6 Best Practices for Conducting an Online Survey

Whether you are new or experienced, there are few basic rules that you can add to your checklist to get the maximum return on your investment. Let’s quickly take some of these best strategies and practices to do a survey properly.

Whether you are new or experienced, there are few basic rules that you can add to your checklist to get the maximum return on your investment. Let’s quickly take some of these best strategies and practices to do a survey properly.

1. Add Incentives to Improve the Response Rate

Incentives are one of the best ways to increase the response rate on your surveys. 

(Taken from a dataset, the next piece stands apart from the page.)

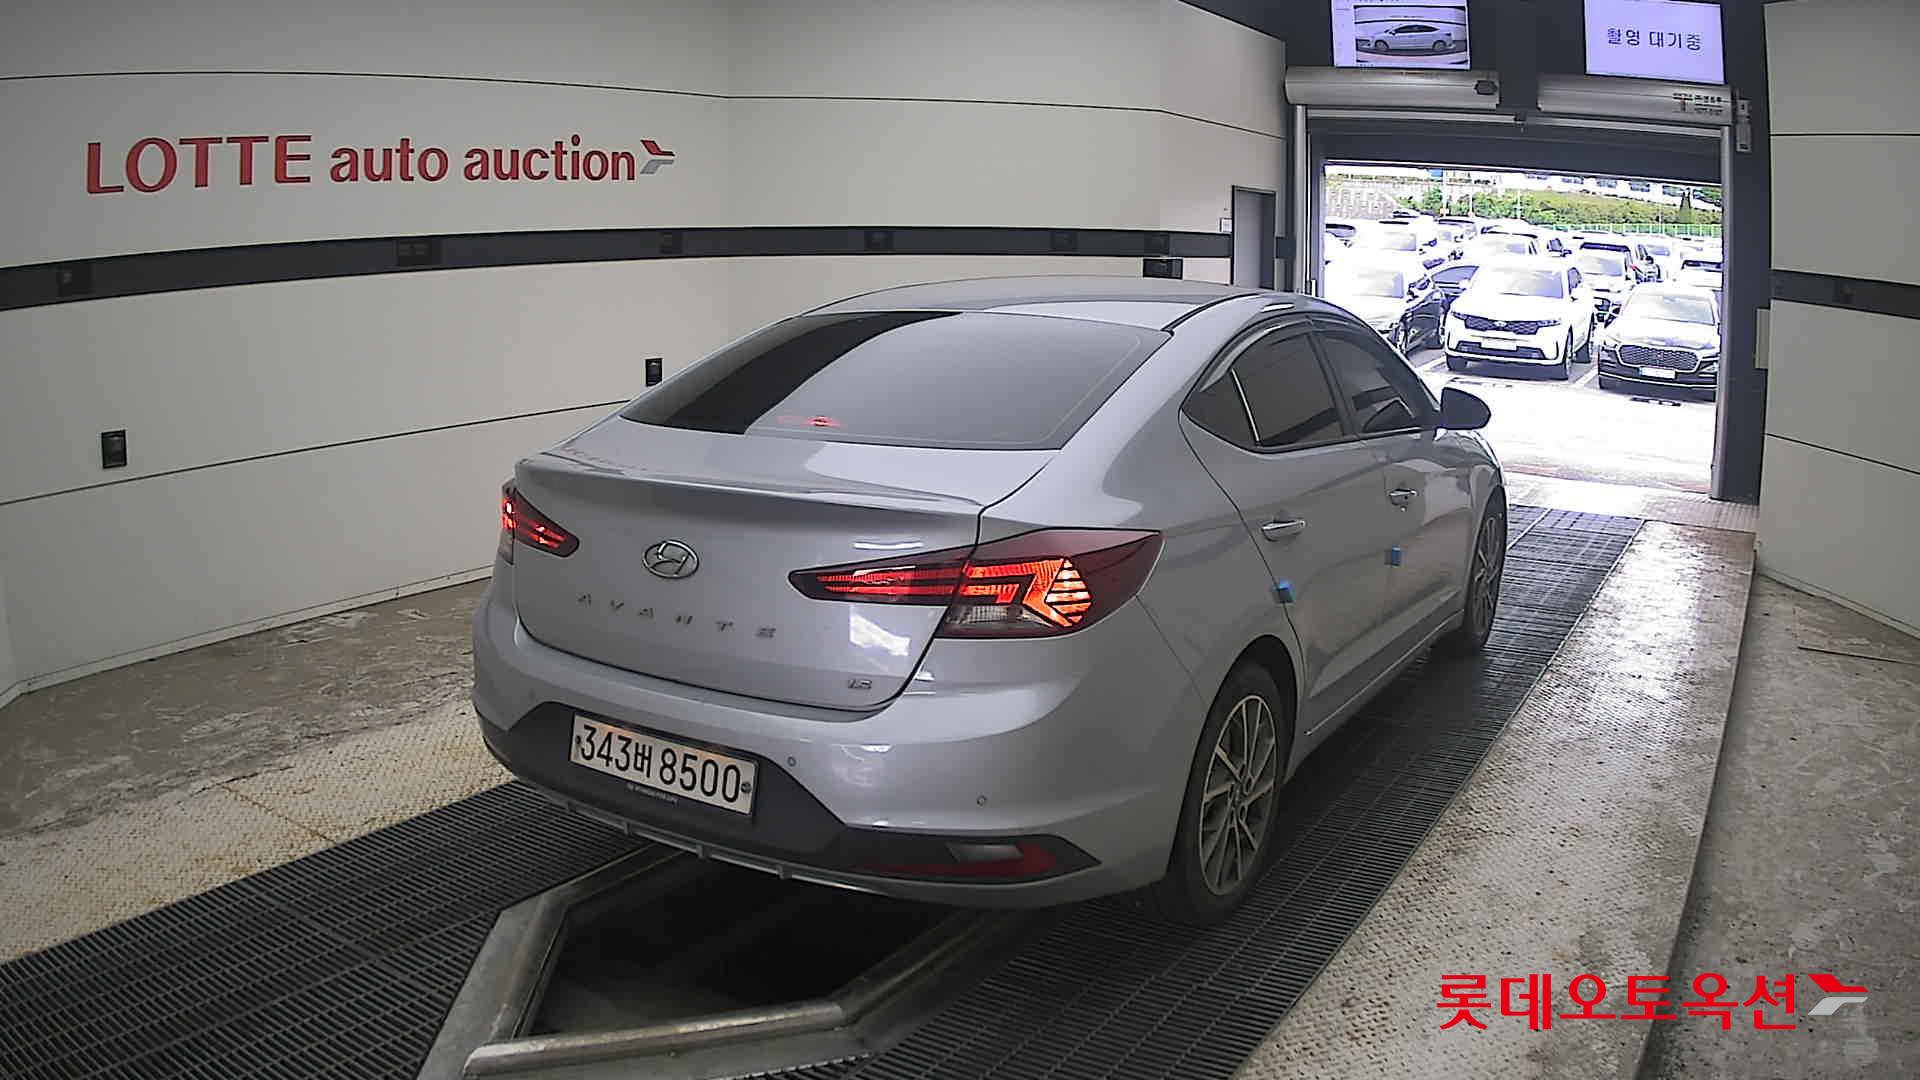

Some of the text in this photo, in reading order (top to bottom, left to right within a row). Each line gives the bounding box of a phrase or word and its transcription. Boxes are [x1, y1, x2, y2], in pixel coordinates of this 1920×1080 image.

[1648, 31, 1702, 51] 대기중
[86, 133, 636, 195] LOTTE auto auction
[577, 593, 777, 639] AVANTE
[659, 748, 742, 804] 8500

According to PeoplePulse, incentivized surveys receive at least 10% more responses than surveys without incentives.


Use different incentives to improve response rates.

  • You can add discount coupon codes to the CSAT and NPS surveys. It will also act as an encouragement for the customers to purchase again.
  • Embed free consultation offer in the surveys on your pricing page or landing page. In return, you can collect visitors’ contact information to add them to your prospect list.
  • Other incentives such as customized meal plans, exercise plans, personality profiles, and gift cards to entice people into filling the survey.

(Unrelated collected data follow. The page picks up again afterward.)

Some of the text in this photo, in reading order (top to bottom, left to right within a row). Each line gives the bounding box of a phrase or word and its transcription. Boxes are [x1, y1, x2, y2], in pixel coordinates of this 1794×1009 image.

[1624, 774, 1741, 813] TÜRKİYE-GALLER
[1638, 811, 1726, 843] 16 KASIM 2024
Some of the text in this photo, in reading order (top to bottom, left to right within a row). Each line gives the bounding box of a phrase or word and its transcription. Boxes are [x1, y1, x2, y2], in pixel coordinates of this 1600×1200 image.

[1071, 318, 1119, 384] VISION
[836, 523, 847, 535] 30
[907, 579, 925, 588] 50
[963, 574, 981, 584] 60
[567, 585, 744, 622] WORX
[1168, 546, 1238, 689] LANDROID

2. State the Purpose of Your Survey

It is always helpful to showcase the objective of your survey to your respondents. Make them understand that the survey feedback will help make their experience better. 


You can also mention the recent interaction related to the survey to help customers recall their experience while filling the survey. 


3. Always Follow up on Your Surveys

It is a good practice to send survey reminders to the customers or product users who haven’t submitted their responses.

A single survey reminder can increase the response rate by 14%. It is a substantial jump in the number of responses as the sample size increases.

  • If you are using mail campaigns, you can send a reminder mail to non-respondents after a few days. 
  • If you use the website or in-app surveys, set the survey to reappear to the visitor during their second visit.
  • If you use product surveys, add an unobtrusive survey reminder notification bar in the My Account section. Set the bar to auto-disappear after the user completes the survey.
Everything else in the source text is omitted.